First off - awesome idea. I'm obsessed with Synthwave right now and making a vaporwave/80's room is next on my list.

Second - where'd the palm tree lamp come from? I definitely need one. I've got the flamingo, but nothing else yet that screams "vaporwave".

Thanks!


----------



## Romaki (Mar 29, 2020)

The Nook Miles swimming pool has this color variant:


----------



## Jacob (Mar 29, 2020)

jozial said:


> I may not be what you're looking for but Mabel's had a cybersuit. I bought the blue one if you want to catalog it



Oh that sounds cool! I can't find a pic of it online, could you maybe post a pic of what it looks like?



AchillesPDX said:


> First off - awesome idea. I'm obsessed with Synthwave right now and making a vaporwave/80's room is next on my list.
> 
> Second - where'd the palm tree lamp come from? I definitely need one. I've got the flamingo, but nothing else yet that screams "vaporwave".
> 
> Thanks!



The palm tree lamp is a DIY card, my friend made me the first few then gave me a DIY card for it once he found a second one. Not sure where they spawn yet (assuming the beach tho)!

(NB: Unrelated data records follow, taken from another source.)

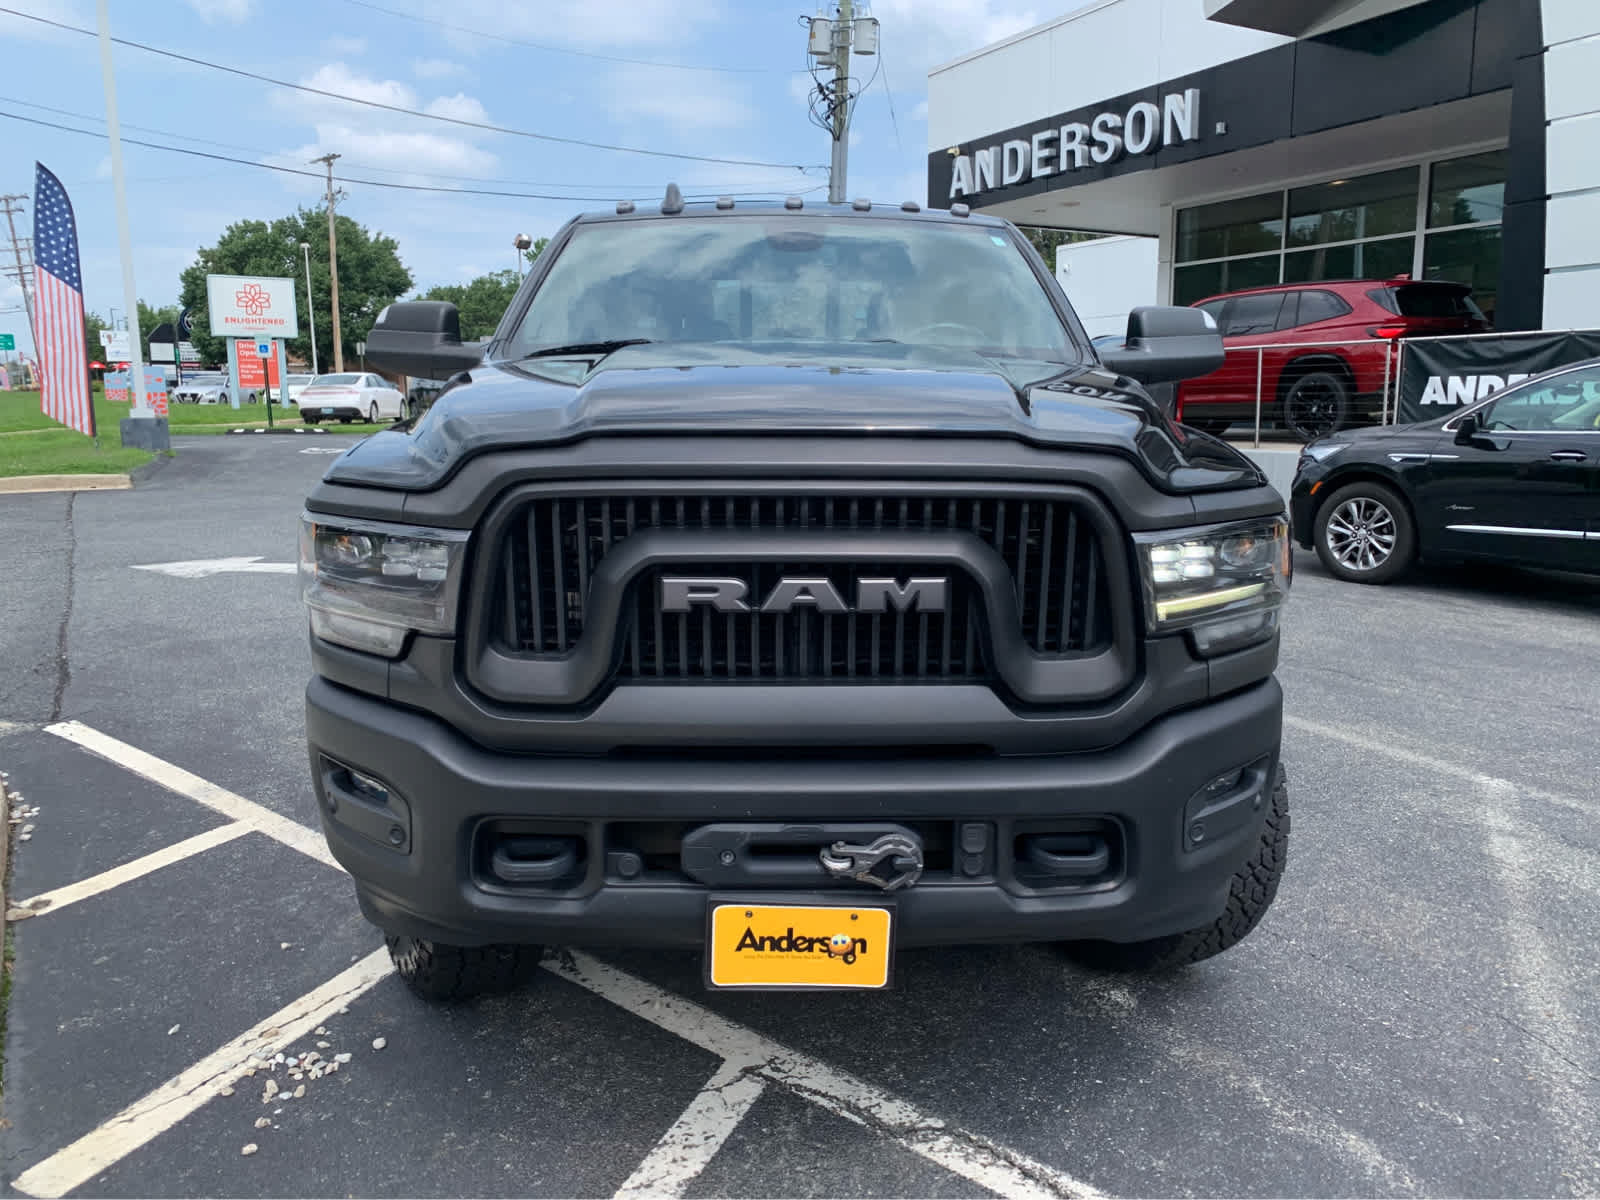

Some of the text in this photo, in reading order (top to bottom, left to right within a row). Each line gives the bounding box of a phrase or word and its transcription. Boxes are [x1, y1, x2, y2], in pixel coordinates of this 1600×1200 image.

[949, 87, 1200, 199] ANDERSON
[224, 316, 285, 326] ENLIGHTENED
[661, 576, 947, 613] RAM
[734, 926, 868, 955] Anderson
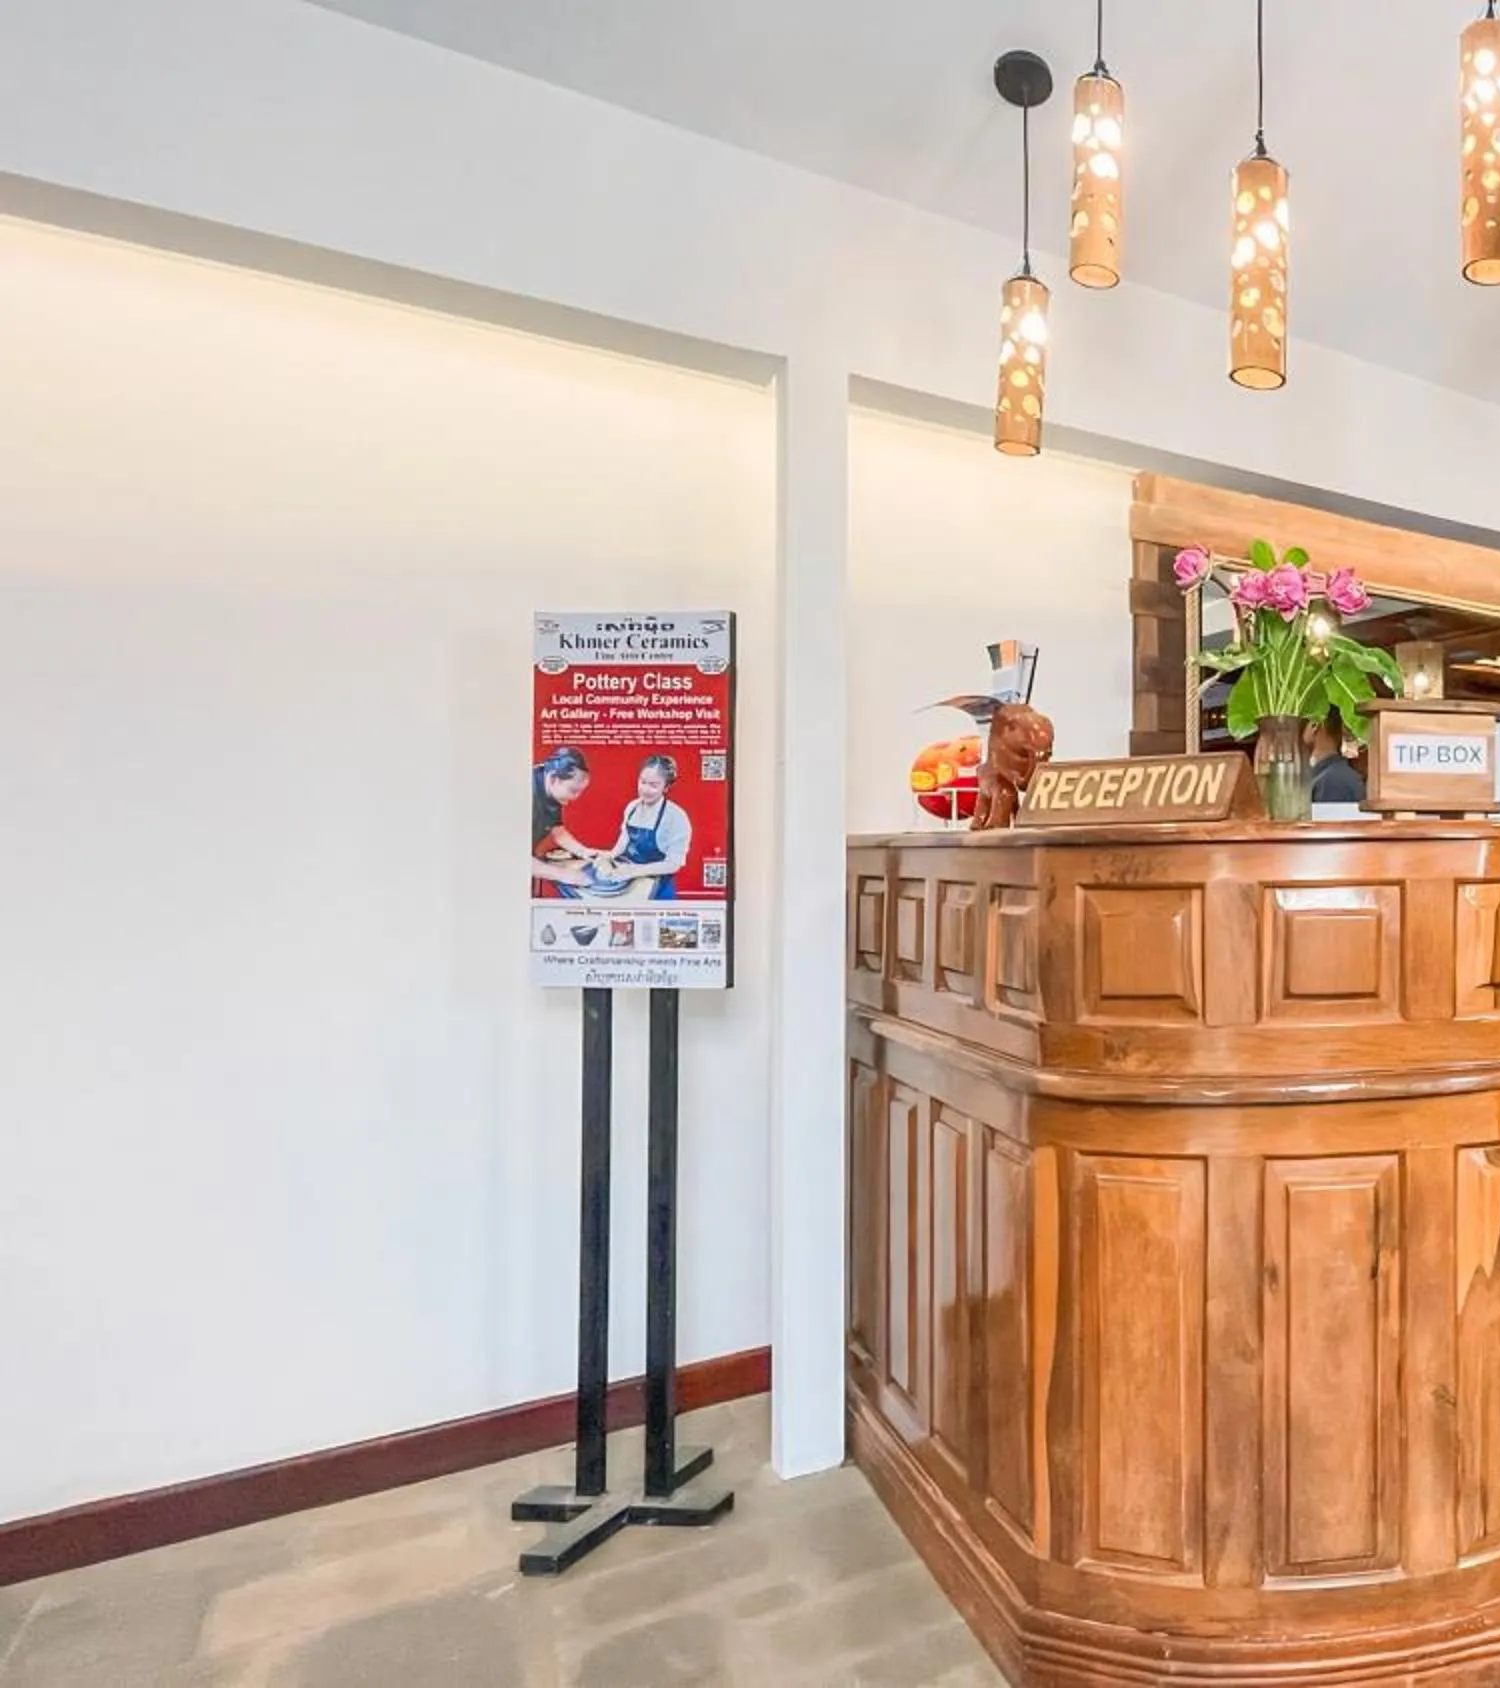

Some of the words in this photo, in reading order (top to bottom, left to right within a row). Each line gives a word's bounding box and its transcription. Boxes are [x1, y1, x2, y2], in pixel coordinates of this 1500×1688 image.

[559, 633, 621, 650] Khmer
[626, 633, 709, 650] Ceramics
[573, 673, 637, 693] Pottery
[643, 673, 693, 690] Class
[552, 694, 583, 705] Local
[585, 694, 649, 707] Community
[651, 694, 713, 707] Experience
[541, 709, 557, 719] Art
[560, 709, 600, 721] Gallery
[609, 709, 635, 719] Free
[637, 709, 693, 721] Workshop
[695, 709, 721, 719] Visit
[1394, 744, 1429, 764] TIP
[1437, 744, 1482, 764] BOX
[1028, 762, 1228, 811] RECEPTION
[543, 955, 575, 966] Where

You totally should do a synthwave room! post a pic when ur working on it so i can see lol  is the flamingo a DIY or just an item i can buy in store?

- - - Post Merge - - -



Romaki said:


> The Nook Miles swimming pool has this color variant:



yea!! I don't have that color variant right now but my pool with blue light/red brick came in today, looking to collect all of them right now 

That color scheme the exact aesthetic im going for


----------



## jozial (Mar 29, 2020)

I had to take a pic of it on my phone, but here it is:


----------



## AchillesPDX (Mar 29, 2020)

Jacob said:


> is the flamingo a DIY or just an item i can buy in store?
> \



Flamingo is store-bought. You can come catalog it if you'd like! Let me know if you're interested and I'll shoot you a DODO code.


----------



## Jacob (Mar 29, 2020)

AchillesPDX said:


> Flamingo is store-bought. You can come catalog it if you'd like! Let me know if you're interested and I'll shoot you a DODO code.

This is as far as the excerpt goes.